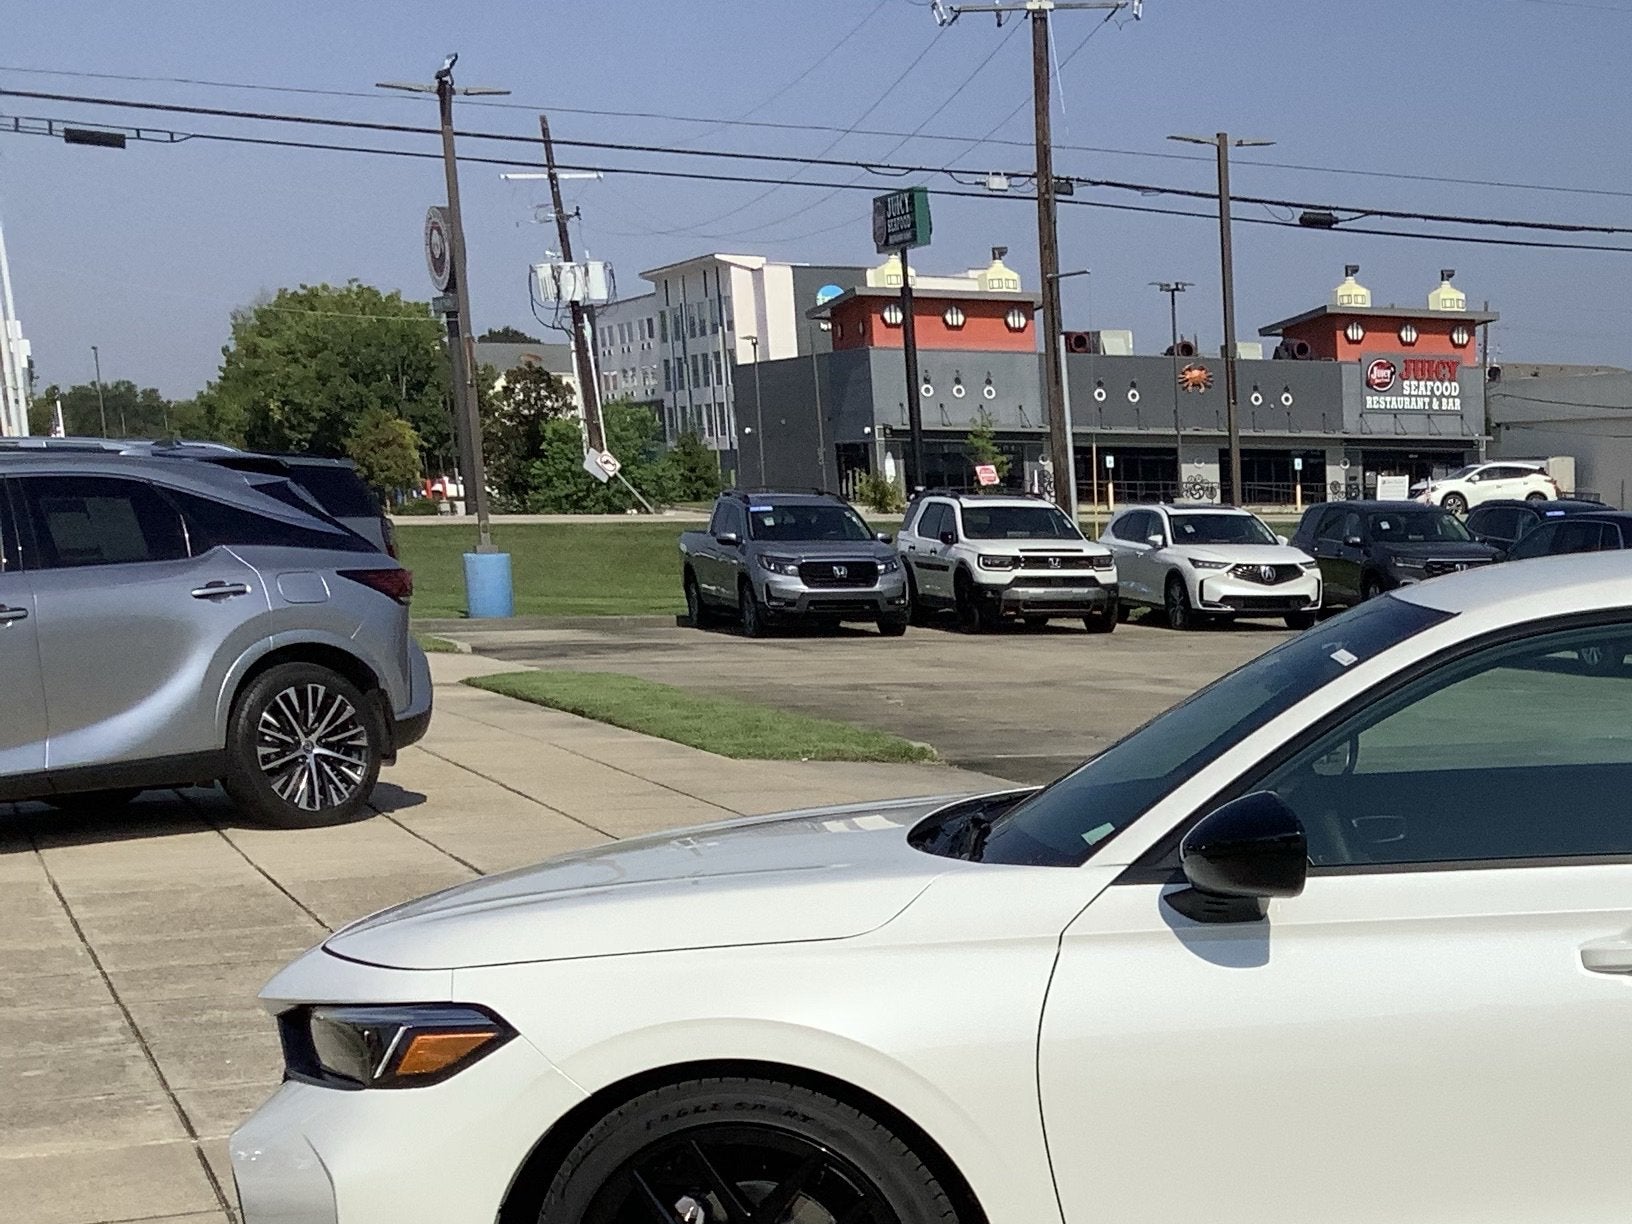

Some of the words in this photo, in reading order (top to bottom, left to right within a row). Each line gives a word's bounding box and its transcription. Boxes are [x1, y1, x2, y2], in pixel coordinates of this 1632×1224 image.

[887, 192, 910, 218] JUICY
[1399, 359, 1460, 381] JUICY
[1403, 380, 1460, 396] SEAFOOD
[1366, 395, 1430, 410] RESTAURANT
[1432, 398, 1439, 410] &
[1441, 398, 1461, 411] BAR
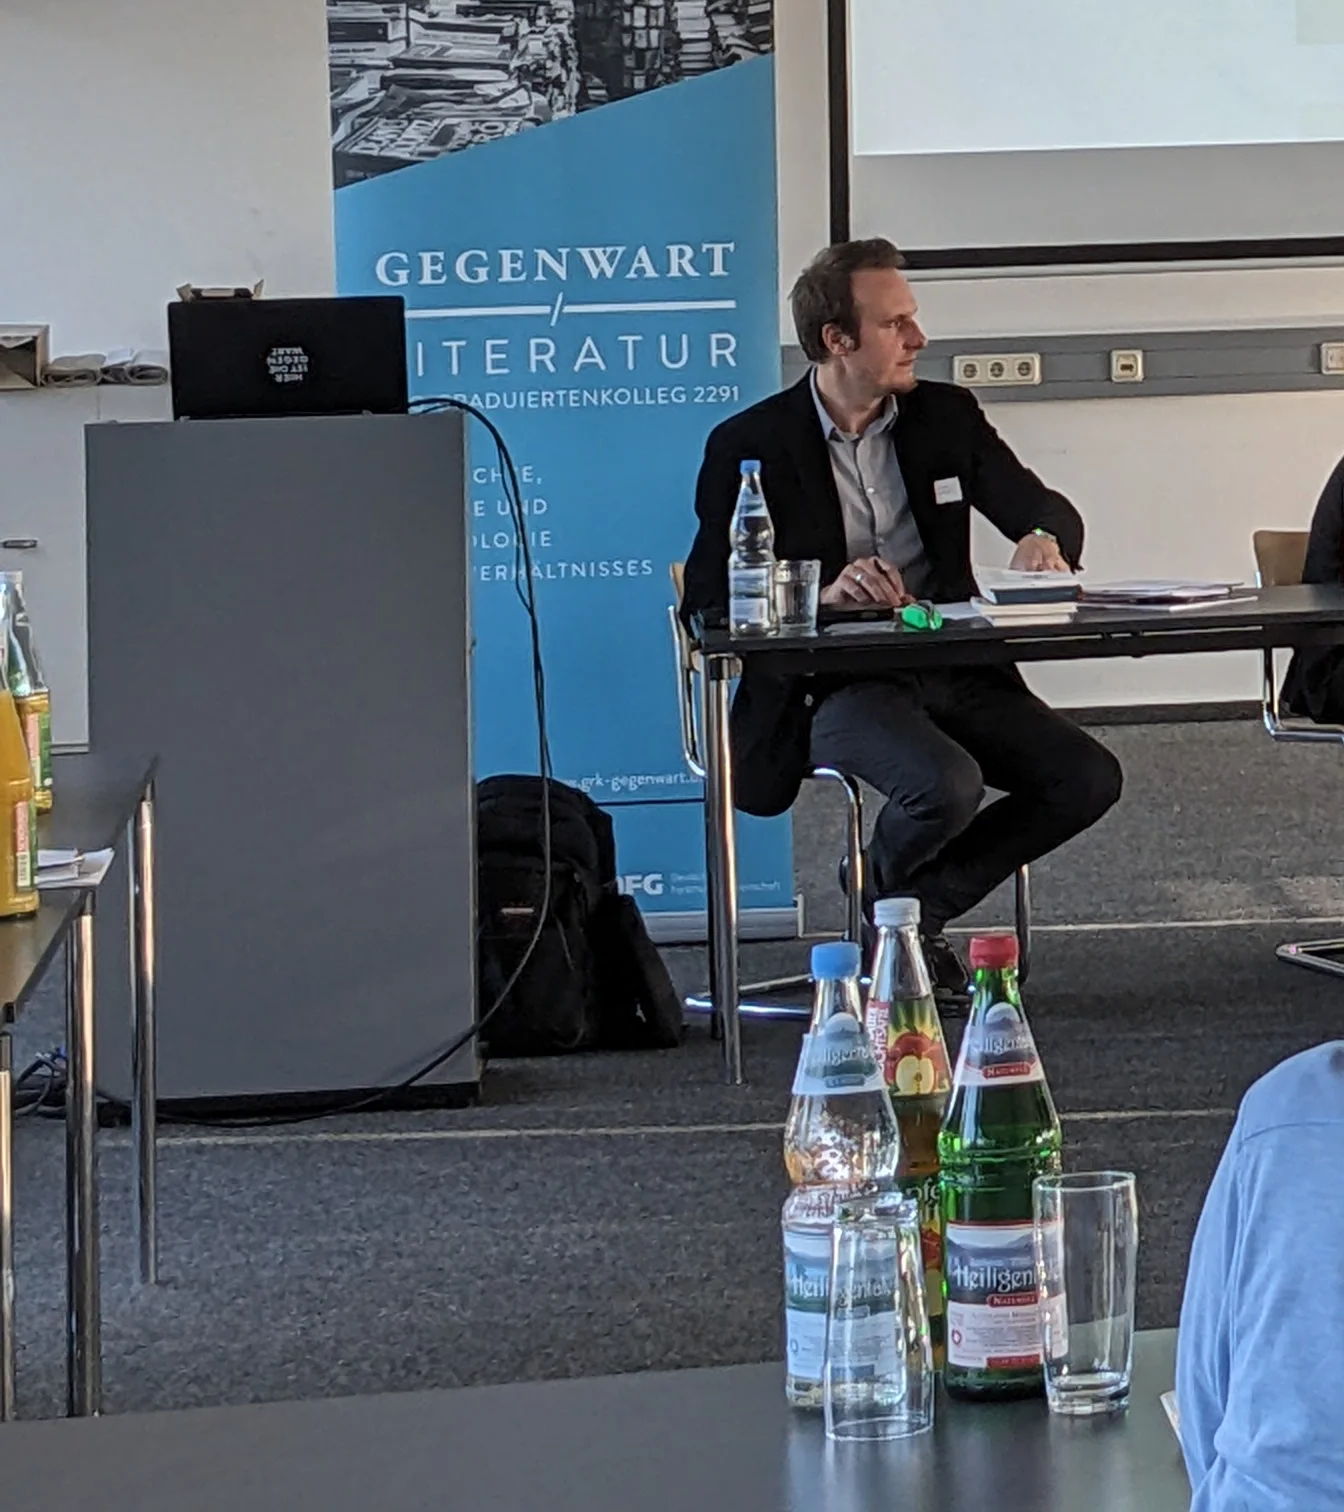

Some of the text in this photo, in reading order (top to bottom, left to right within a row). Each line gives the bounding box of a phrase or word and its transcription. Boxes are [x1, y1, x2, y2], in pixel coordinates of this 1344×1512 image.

[375, 241, 735, 287] GEGENWART
[416, 333, 737, 377] ITERATUR
[693, 385, 739, 403] 2291
------
◆ What needs to be done
The output is to be the material in full and unaltered, with pictures omitted.

◆ Answer space
Some of the words in this photo, in reading order (top to bottom, left to right within a row). Each line gives a word's bounding box and its transcription. Boxes are [x1, y1, x2, y2], in pixel coordinates of this 1632×1224 image.

[887, 192, 910, 218] JUICY
[1399, 359, 1460, 381] JUICY
[1403, 380, 1460, 396] SEAFOOD
[1366, 395, 1430, 410] RESTAURANT
[1432, 398, 1439, 410] &
[1441, 398, 1461, 411] BAR

Some of the text in this photo, in reading order (top to bottom, left to right within a row). Each line gives the bounding box of a phrase or word and its transcription. Boxes are [x1, y1, x2, y2], in pixel coordinates of this 1344×1512 image.

[375, 241, 735, 287] GEGENWART
[416, 333, 737, 377] ITERATUR
[693, 385, 739, 403] 2291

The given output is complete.